§ **Your goal**
Retype the listing exactly. Leave out the images.

§ **Supplied information**
%%
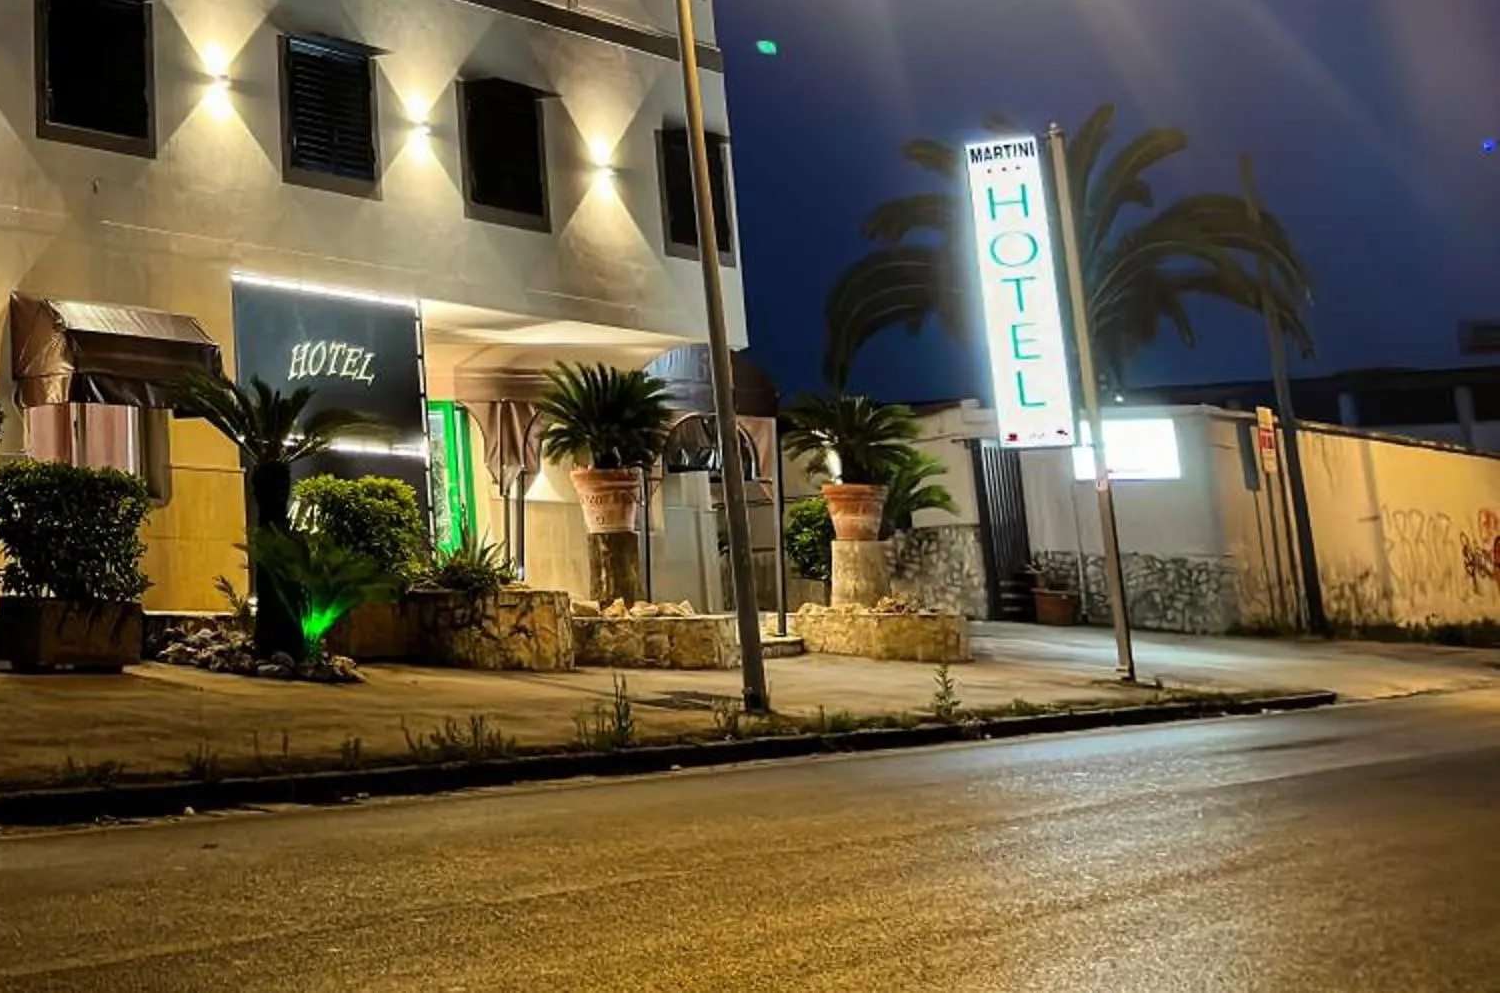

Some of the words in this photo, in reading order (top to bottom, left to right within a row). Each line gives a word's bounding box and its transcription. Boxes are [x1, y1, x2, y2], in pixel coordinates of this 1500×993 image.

[969, 140, 1035, 164] MARTINI
[987, 182, 1045, 408] HOTEL
[287, 340, 376, 387] HOTEL
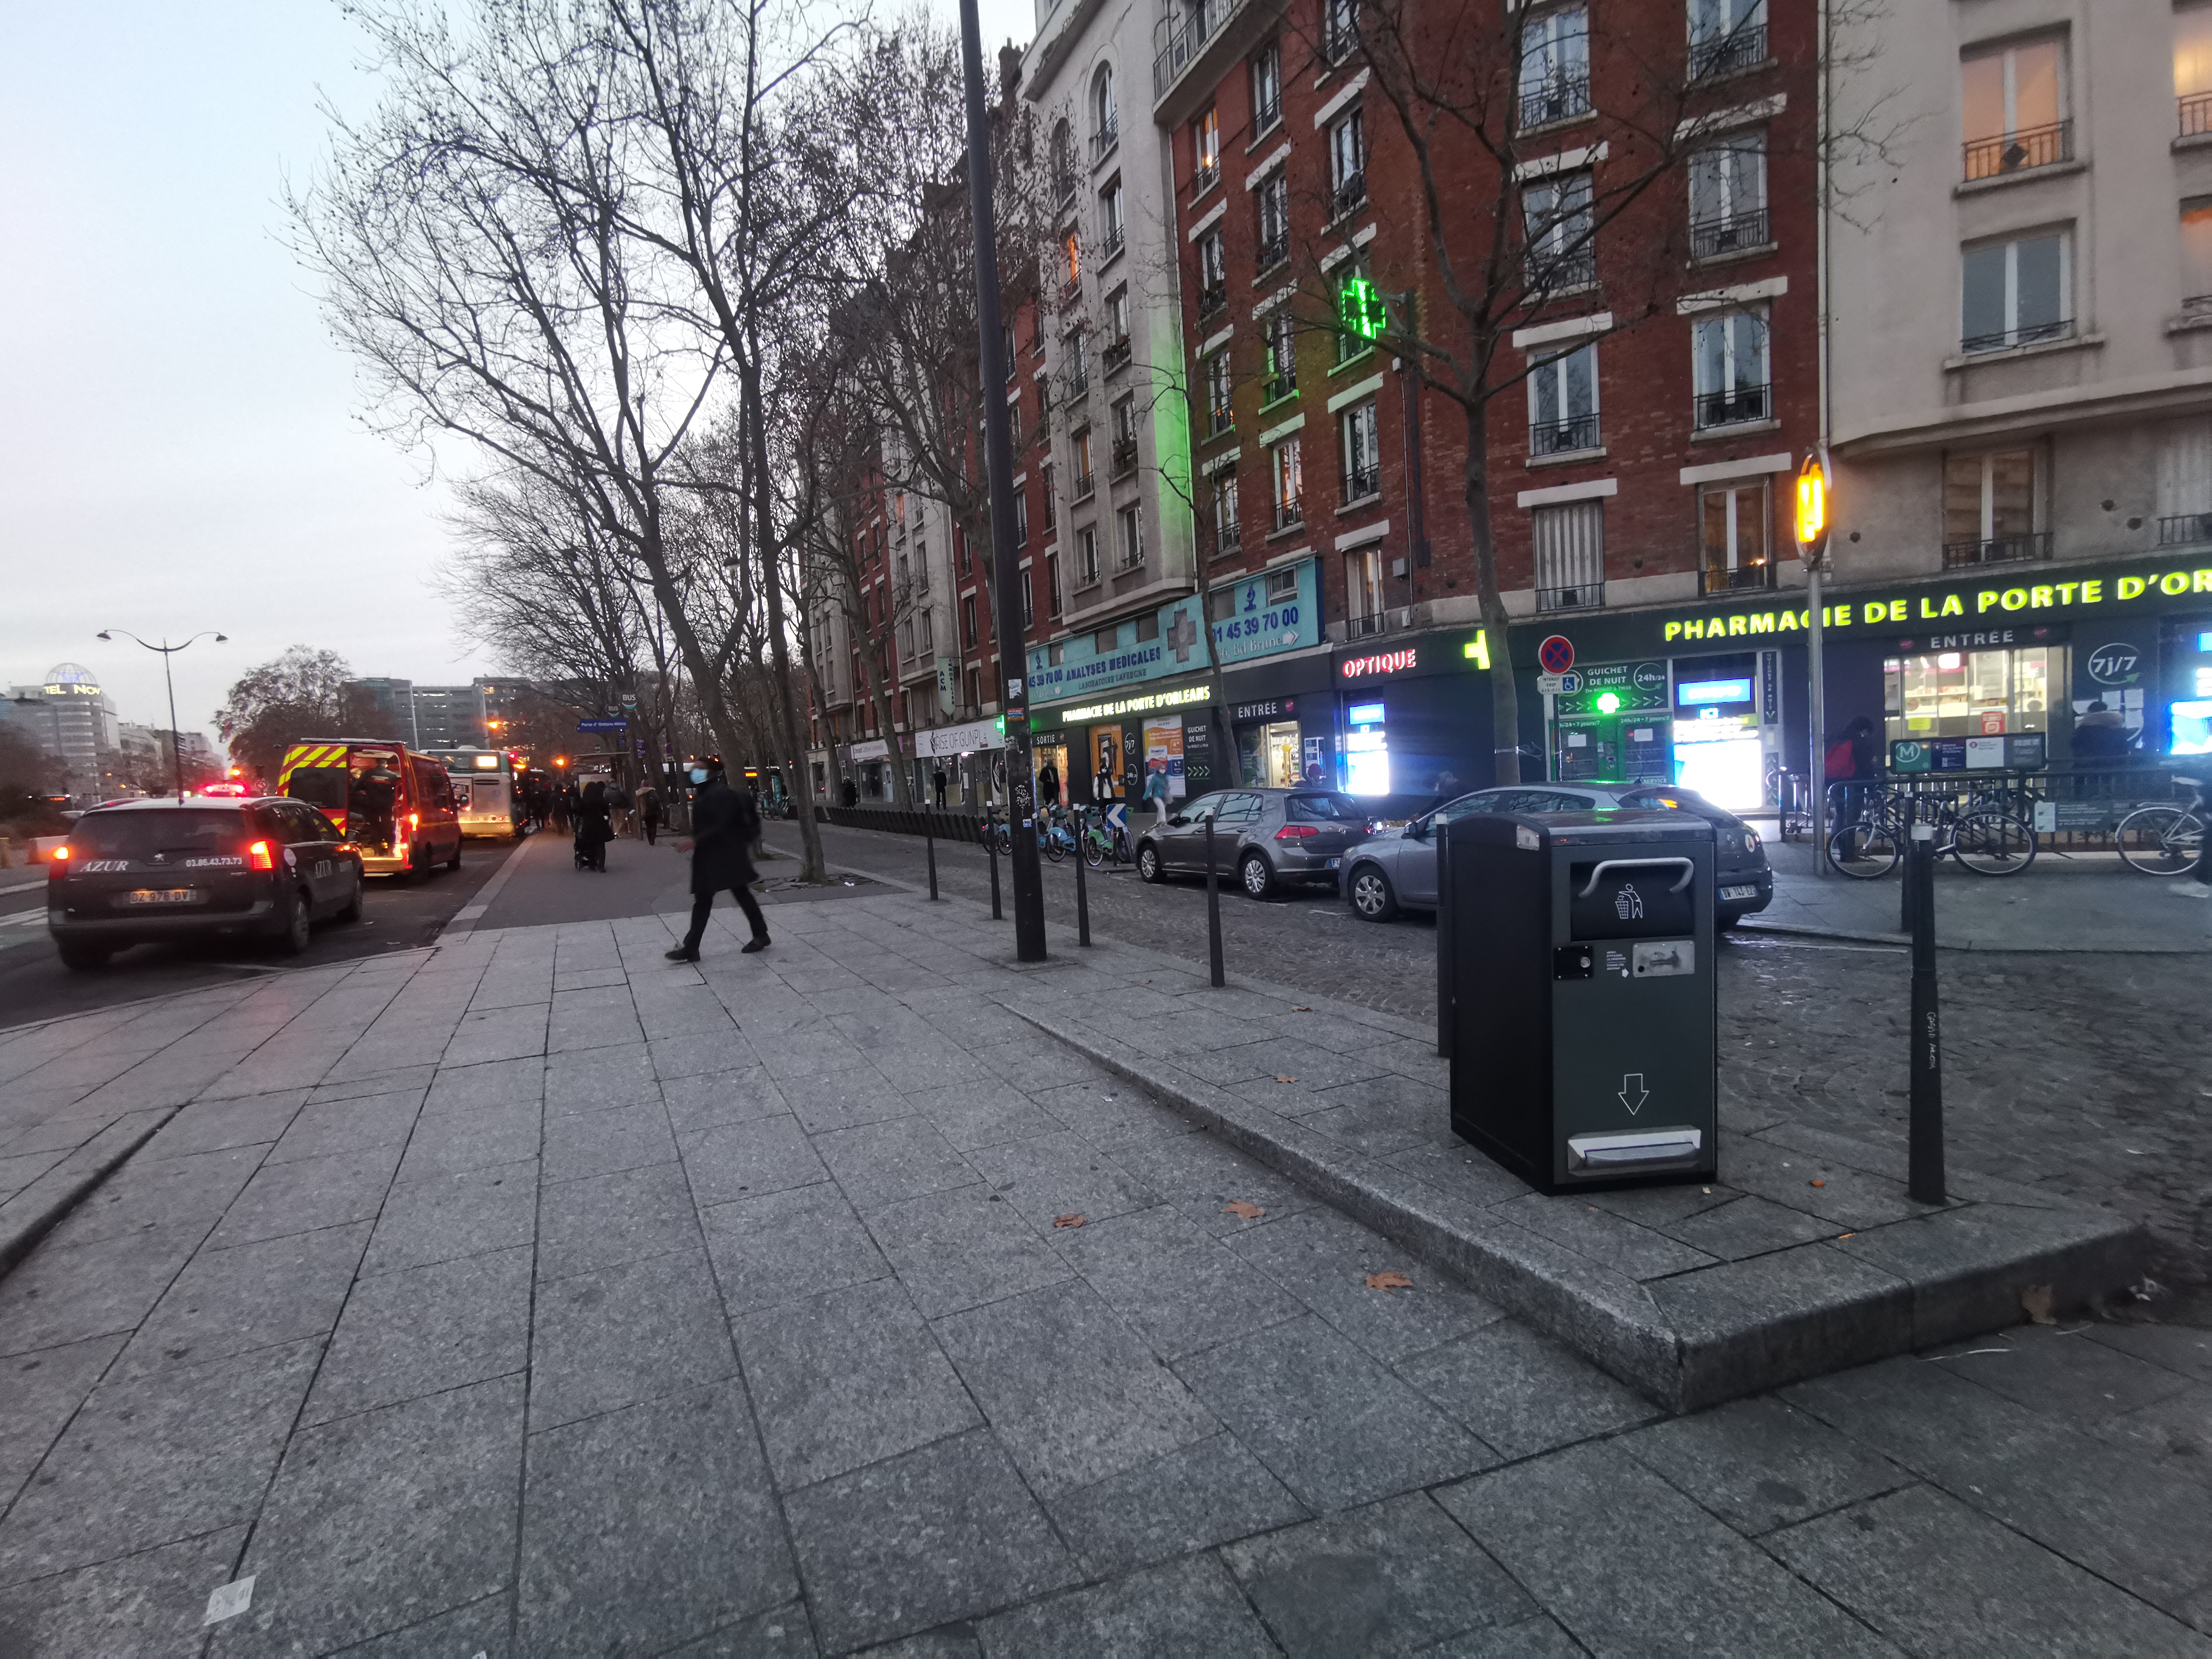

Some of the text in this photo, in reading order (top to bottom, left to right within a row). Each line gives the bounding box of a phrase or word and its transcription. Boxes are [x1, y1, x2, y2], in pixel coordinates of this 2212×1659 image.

[1863, 599, 1908, 624] DE
[1920, 594, 1964, 619] LA
[1977, 579, 2103, 613] PORTE
[1227, 621, 1241, 639] 45
[1244, 617, 1259, 636] 39
[1262, 611, 1279, 631] 70
[1282, 606, 1299, 627] 00
[1931, 630, 2014, 649] ENTRÉE
[1066, 661, 1106, 681] ANALYSES
[1109, 646, 1160, 671] MEDICALES
[1343, 648, 1416, 678] OPTIQUE
[1587, 666, 1628, 676] GUICHET
[2092, 656, 2137, 676] 7j/7
[1116, 668, 1147, 681] LAVERGNE
[1589, 676, 1627, 686] DE NUIT
[1637, 673, 1665, 682] 24h/24
[1103, 702, 1115, 716] DE
[1116, 701, 1126, 713] LA
[1127, 696, 1155, 712] PORTE
[1156, 686, 1211, 708] D'ORLEANS
[1238, 702, 1277, 718] ENTRÉE
[1187, 725, 1206, 734] GUICHET
[1036, 734, 1055, 745] SORTIE
[80, 860, 130, 872] AZUR
%%
§ **Task output**
Some of the words in this photo, in reading order (top to bottom, left to right within a row). Each line gives a word's bounding box and its transcription. Boxes are [x1, y1, x2, y2], in pixel coordinates of this 1500×993 image.

[969, 140, 1035, 164] MARTINI
[987, 182, 1045, 408] HOTEL
[287, 340, 376, 387] HOTEL

Some of the text in this photo, in reading order (top to bottom, left to right within a row). Each line gives the bounding box of a phrase or word and its transcription. Boxes are [x1, y1, x2, y2], in pixel coordinates of this 2212×1659 image.

[1863, 599, 1908, 624] DE
[1920, 594, 1964, 619] LA
[1977, 579, 2103, 613] PORTE
[1227, 621, 1241, 639] 45
[1244, 617, 1259, 636] 39
[1262, 611, 1279, 631] 70
[1282, 606, 1299, 627] 00
[1931, 630, 2014, 649] ENTRÉE
[1066, 661, 1106, 681] ANALYSES
[1109, 646, 1160, 671] MEDICALES
[1343, 648, 1416, 678] OPTIQUE
[1587, 666, 1628, 676] GUICHET
[2092, 656, 2137, 676] 7j/7
[1116, 668, 1147, 681] LAVERGNE
[1589, 676, 1627, 686] DE NUIT
[1637, 673, 1665, 682] 24h/24
[1103, 702, 1115, 716] DE
[1116, 701, 1126, 713] LA
[1127, 696, 1155, 712] PORTE
[1156, 686, 1211, 708] D'ORLEANS
[1238, 702, 1277, 718] ENTRÉE
[1187, 725, 1206, 734] GUICHET
[1036, 734, 1055, 745] SORTIE
[80, 860, 130, 872] AZUR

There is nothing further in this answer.